[Supplied material]
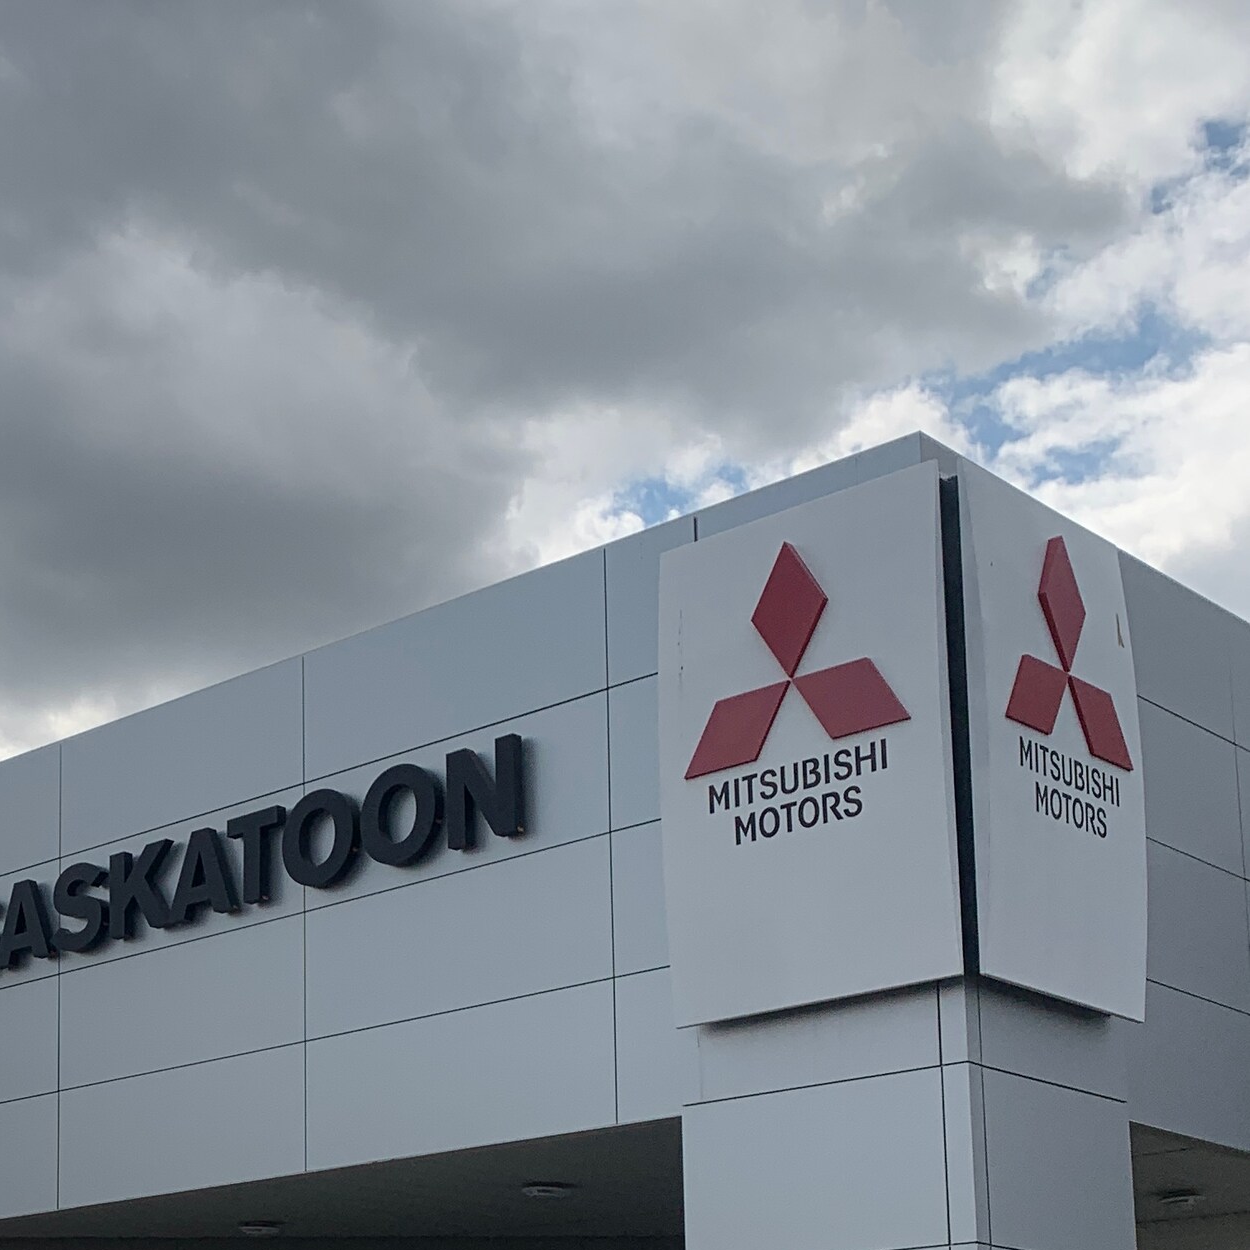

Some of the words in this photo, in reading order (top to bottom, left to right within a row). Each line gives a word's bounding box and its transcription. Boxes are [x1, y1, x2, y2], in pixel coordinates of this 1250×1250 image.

[708, 737, 889, 814] MITSUBISHI
[1018, 736, 1121, 807] MITSUBISHI
[734, 785, 863, 846] MOTORS
[1035, 781, 1108, 839] MOTORS
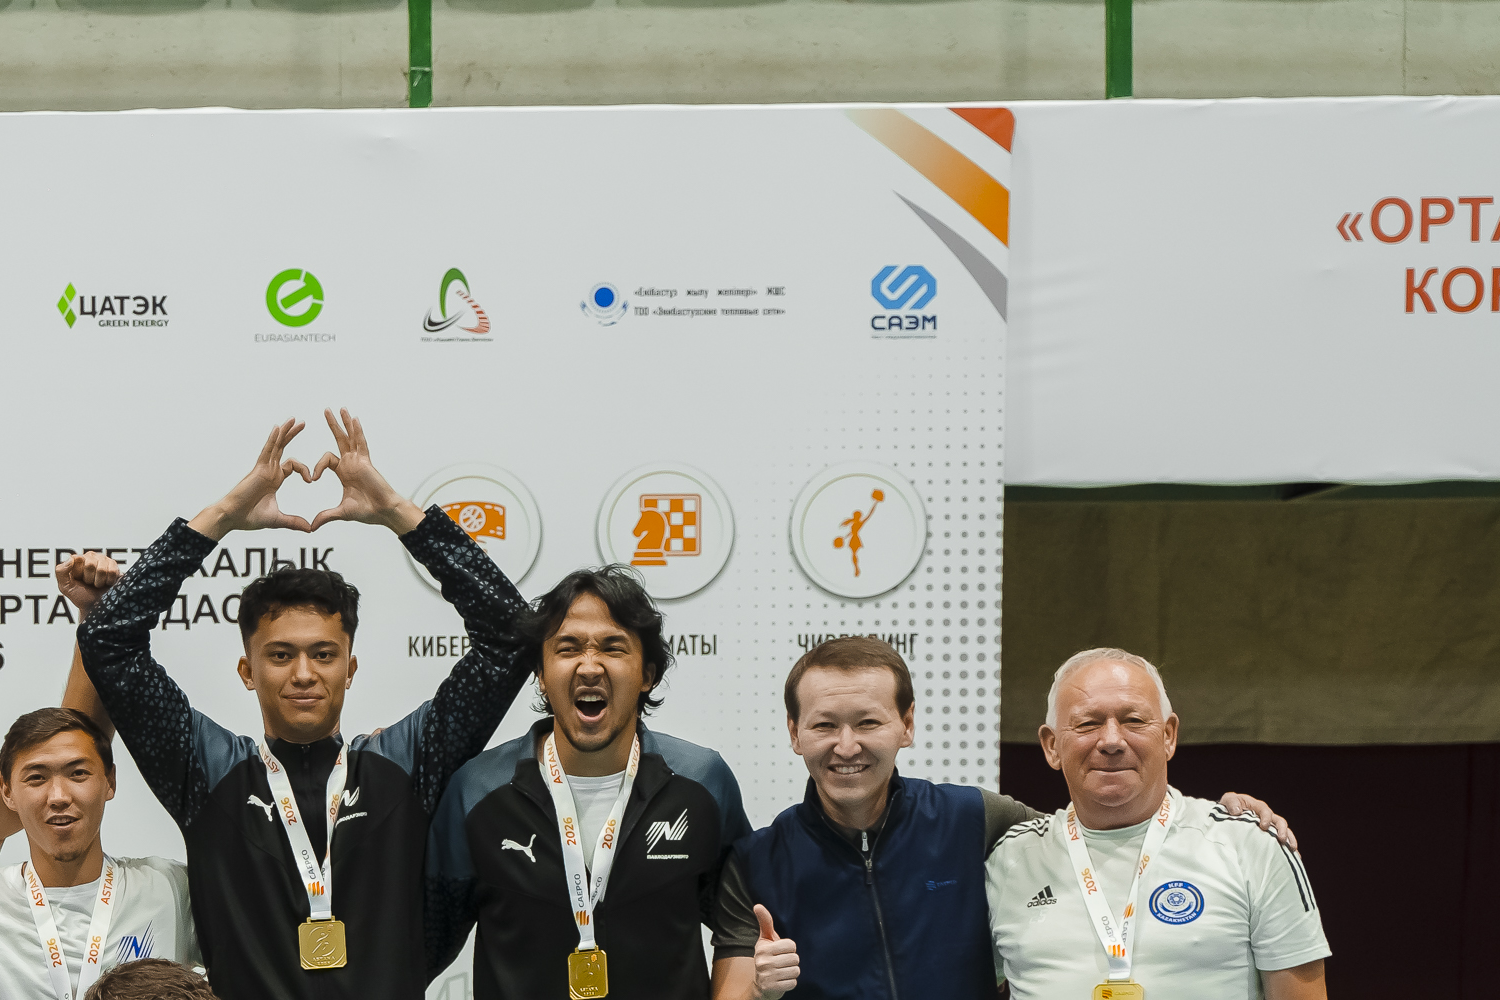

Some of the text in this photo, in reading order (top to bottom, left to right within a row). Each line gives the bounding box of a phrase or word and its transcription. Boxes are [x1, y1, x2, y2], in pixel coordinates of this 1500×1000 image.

[1336, 196, 1500, 244] «ОРТ
[1405, 266, 1500, 314] КО
[79, 295, 167, 318] ЦАТЭК
[98, 319, 169, 327] GREEN ENERGY
[871, 315, 937, 330] САЭМ
[254, 333, 336, 343] EURASIANTECH
[408, 635, 472, 657] КИБЕР
[281, 797, 297, 826] 2026
[562, 817, 577, 846] 2026
[601, 819, 617, 850] 2026
[301, 849, 317, 881] CAEPCO
[574, 873, 585, 908] CAEPCO
[1081, 867, 1098, 896] 2026
[1027, 897, 1057, 908] adidas
[47, 938, 63, 968] 2026
[87, 936, 101, 964] 2026
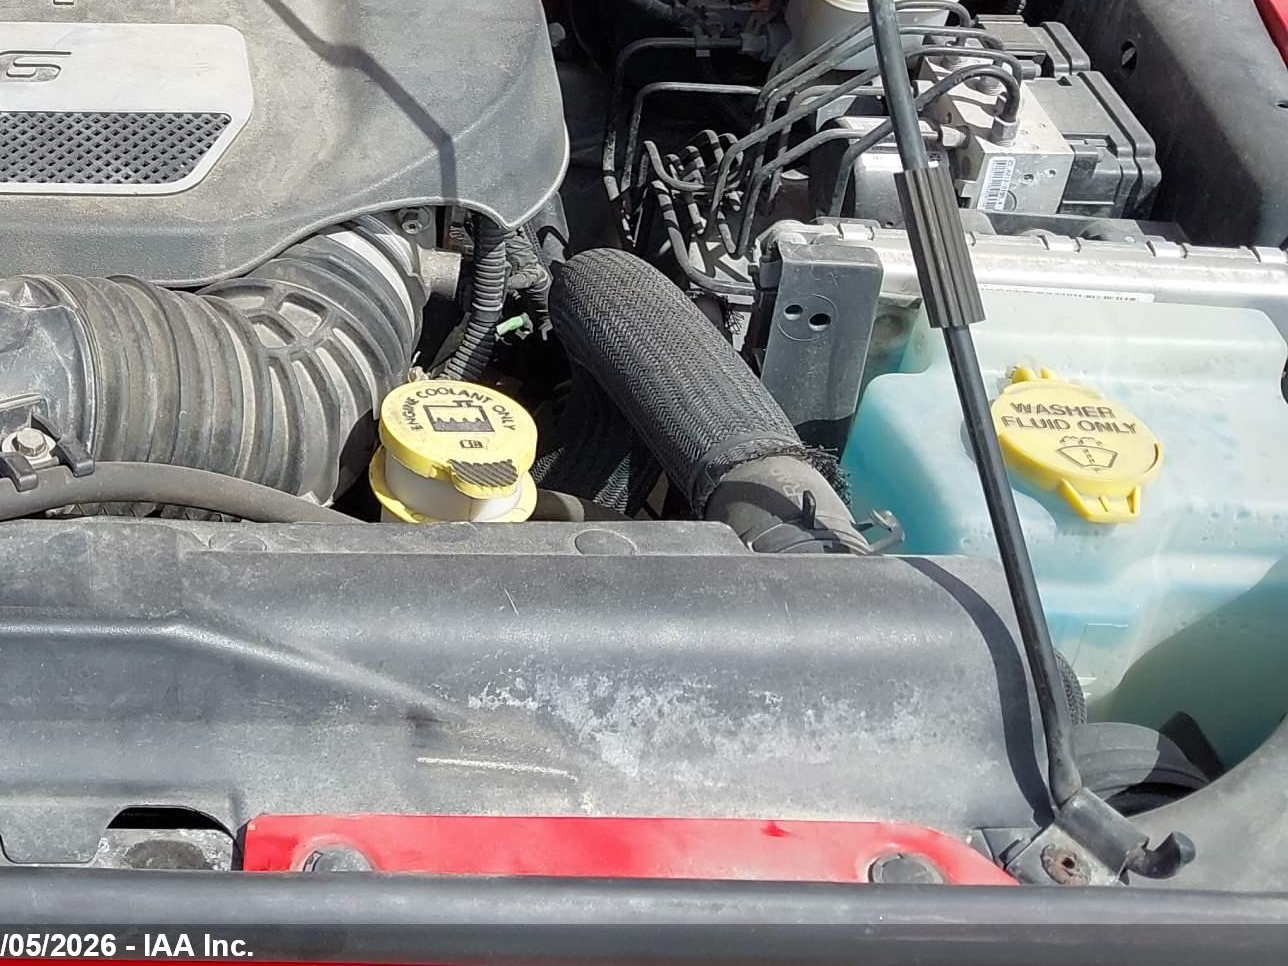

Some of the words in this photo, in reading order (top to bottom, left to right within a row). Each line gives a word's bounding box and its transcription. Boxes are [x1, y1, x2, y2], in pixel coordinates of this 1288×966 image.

[402, 397, 423, 431] ENGINE
[416, 387, 493, 404] COOLANT
[492, 405, 517, 431] ONLY
[1009, 401, 1116, 419] WASHER
[1001, 415, 1071, 431] FLUID
[1077, 419, 1137, 434] ONLY
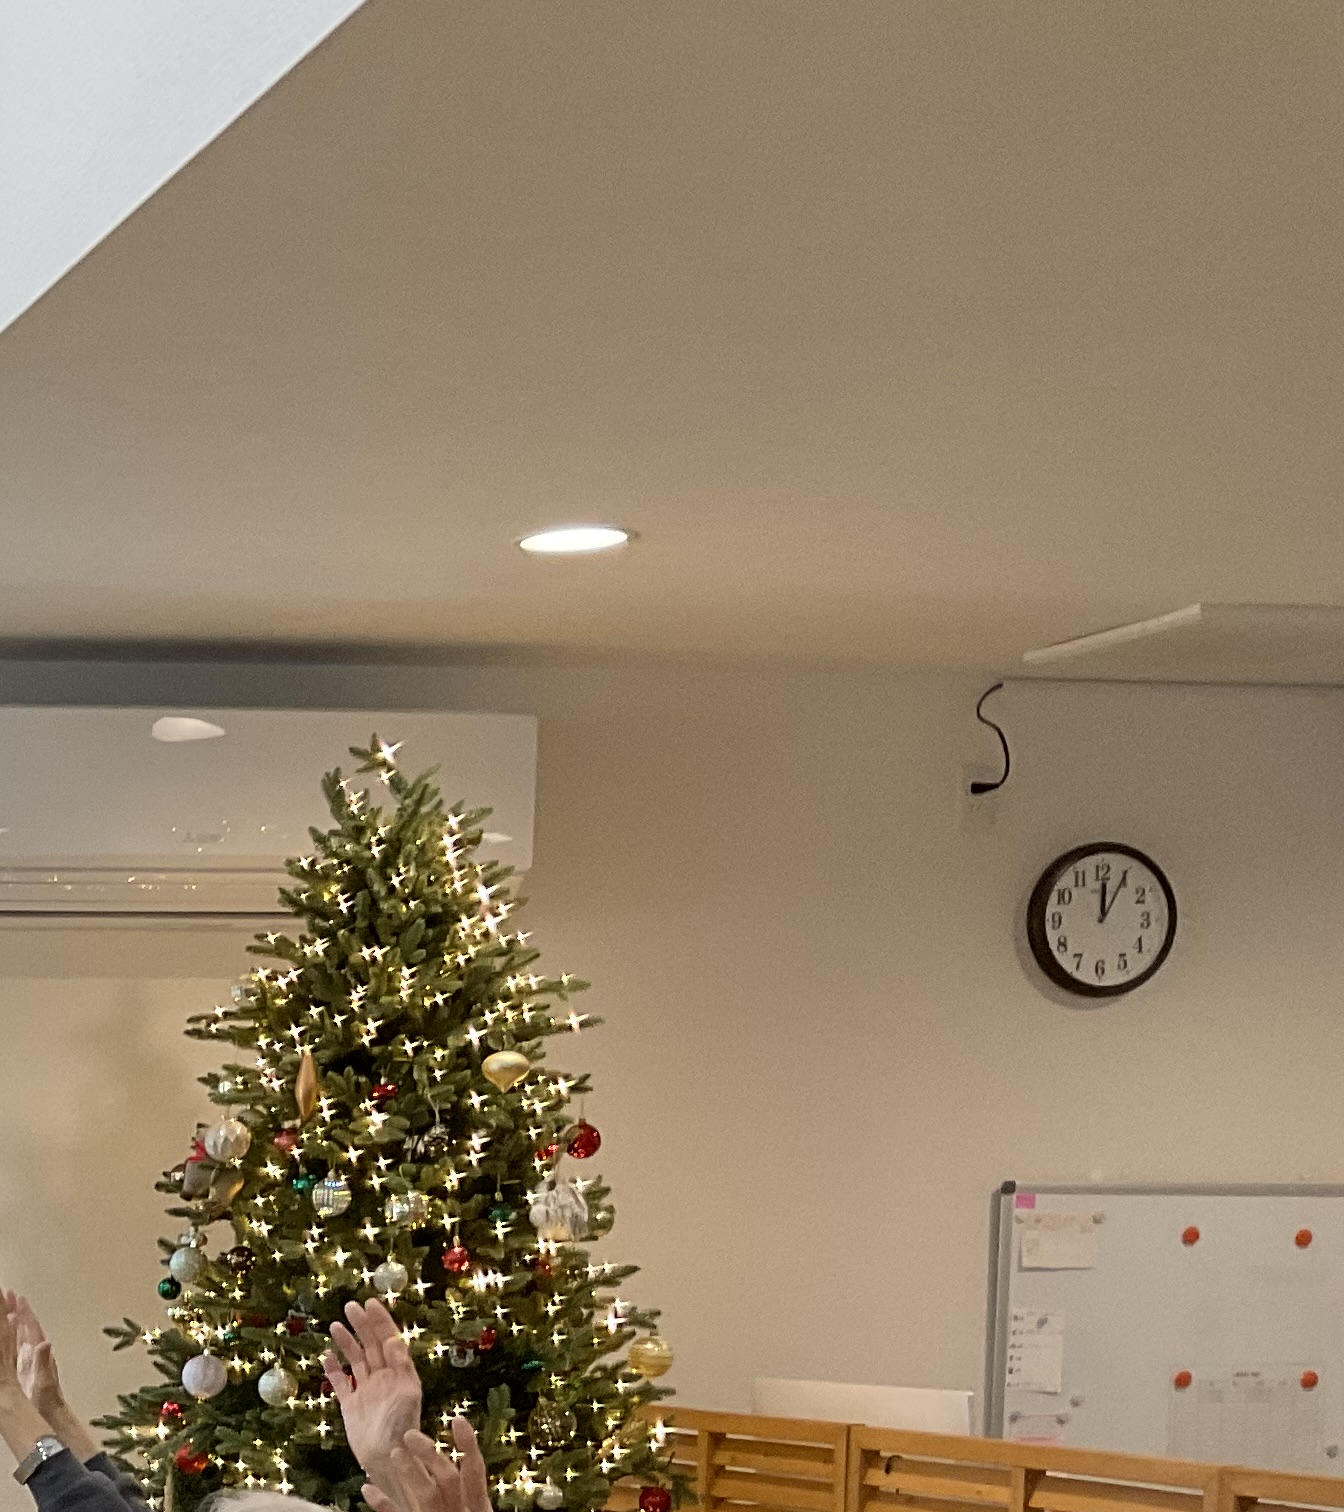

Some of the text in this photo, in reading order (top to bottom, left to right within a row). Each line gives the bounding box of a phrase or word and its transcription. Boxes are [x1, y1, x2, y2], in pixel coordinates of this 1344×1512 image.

[1074, 869, 1086, 888] 11
[1094, 863, 1111, 881] 12
[1056, 887, 1072, 906] 10
[1134, 887, 1146, 905] 2
[1051, 911, 1062, 930] 9
[1140, 911, 1151, 930] 3
[1056, 935, 1068, 953] 8
[1132, 934, 1143, 954] 4
[1073, 952, 1083, 971] 7
[1094, 959, 1105, 977] 6
[1117, 952, 1127, 971] 5
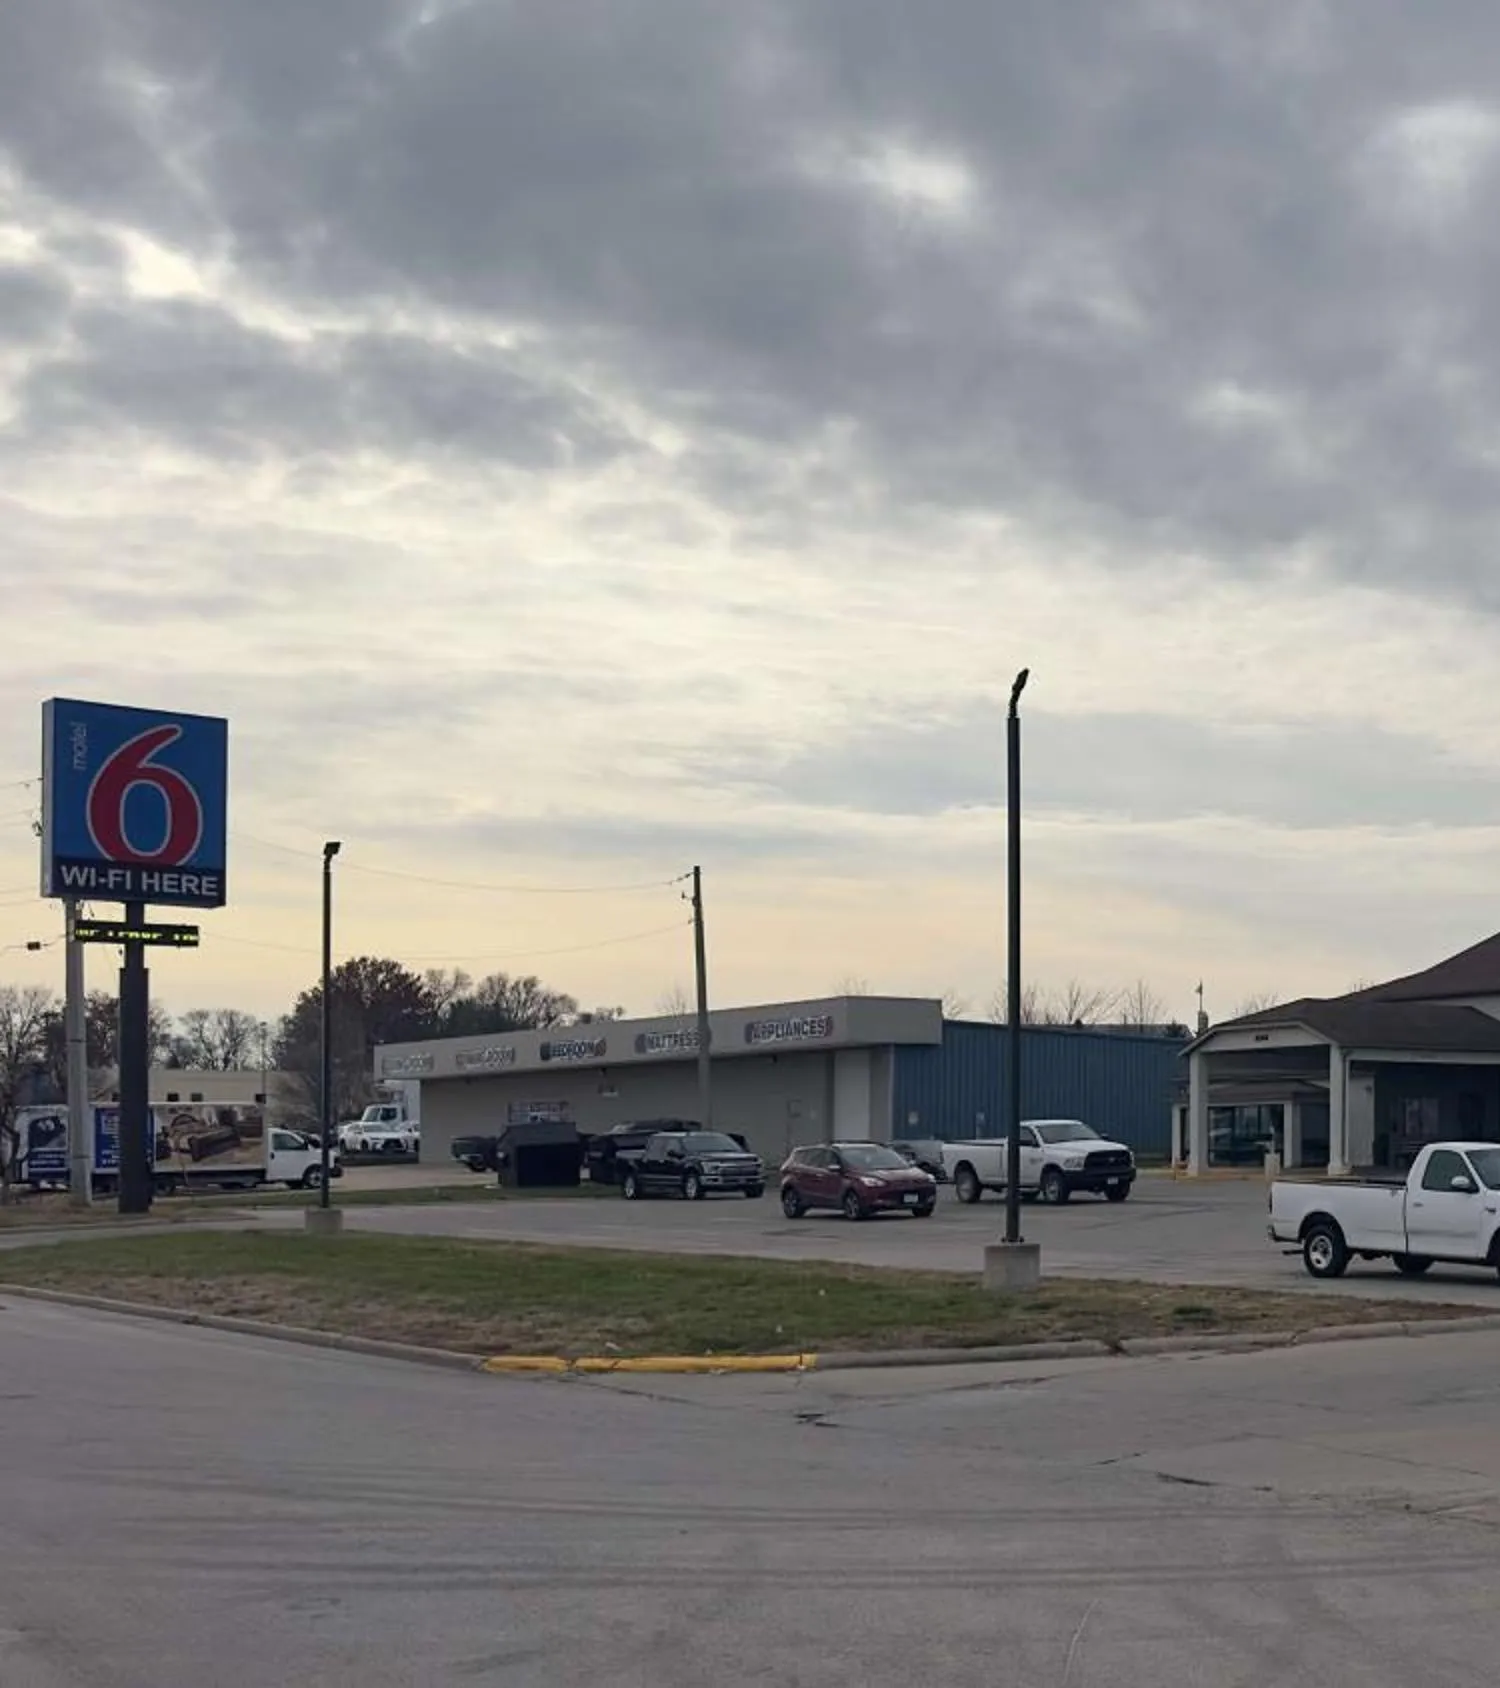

[Work order] Print each line of the material above exactly, with the pictures removed from your copy.

[Task answer]
Some of the words in this photo, in reading order (top to bottom, left to right within a row). Each line gives a word's bounding box and its transcription. Boxes are [x1, y1, x2, y2], in pixel coordinates of this 1250×1250 image.

[708, 737, 889, 814] MITSUBISHI
[1018, 736, 1121, 807] MITSUBISHI
[734, 785, 863, 846] MOTORS
[1035, 781, 1108, 839] MOTORS

Some of the text in this photo, in reading order (top to bottom, left to right within a row). Each line gives the bounding box of a phrase or word and its transcription. Boxes are [x1, y1, x2, y2], in pixel coordinates of this 1500×1000 image.

[1336, 196, 1500, 244] «ОРТ
[1405, 266, 1500, 314] КО
[79, 295, 167, 318] ЦАТЭК
[98, 319, 169, 327] GREEN ENERGY
[871, 315, 937, 330] САЭМ
[254, 333, 336, 343] EURASIANTECH
[408, 635, 472, 657] КИБЕР
[281, 797, 297, 826] 2026
[562, 817, 577, 846] 2026
[601, 819, 617, 850] 2026
[301, 849, 317, 881] CAEPCO
[574, 873, 585, 908] CAEPCO
[1081, 867, 1098, 896] 2026
[1027, 897, 1057, 908] adidas
[47, 938, 63, 968] 2026
[87, 936, 101, 964] 2026

Some of the words in this photo, in reading order (top to bottom, left to right within a row). Each line gives a word's bounding box and its transcription. Boxes are [x1, y1, x2, y2], in pixel coordinates of this 1288×966 image.

[402, 397, 423, 431] ENGINE
[416, 387, 493, 404] COOLANT
[492, 405, 517, 431] ONLY
[1009, 401, 1116, 419] WASHER
[1001, 415, 1071, 431] FLUID
[1077, 419, 1137, 434] ONLY

Some of the text in this photo, in reading order (top to bottom, left to right within a row). Each line gives the bounding box of a phrase or word and its transcription. Boxes are [x1, y1, x2, y2], in pixel coordinates of this 1344×1512 image.

[1074, 869, 1086, 888] 11
[1094, 863, 1111, 881] 12
[1056, 887, 1072, 906] 10
[1134, 887, 1146, 905] 2
[1051, 911, 1062, 930] 9
[1140, 911, 1151, 930] 3
[1056, 935, 1068, 953] 8
[1132, 934, 1143, 954] 4
[1073, 952, 1083, 971] 7
[1094, 959, 1105, 977] 6
[1117, 952, 1127, 971] 5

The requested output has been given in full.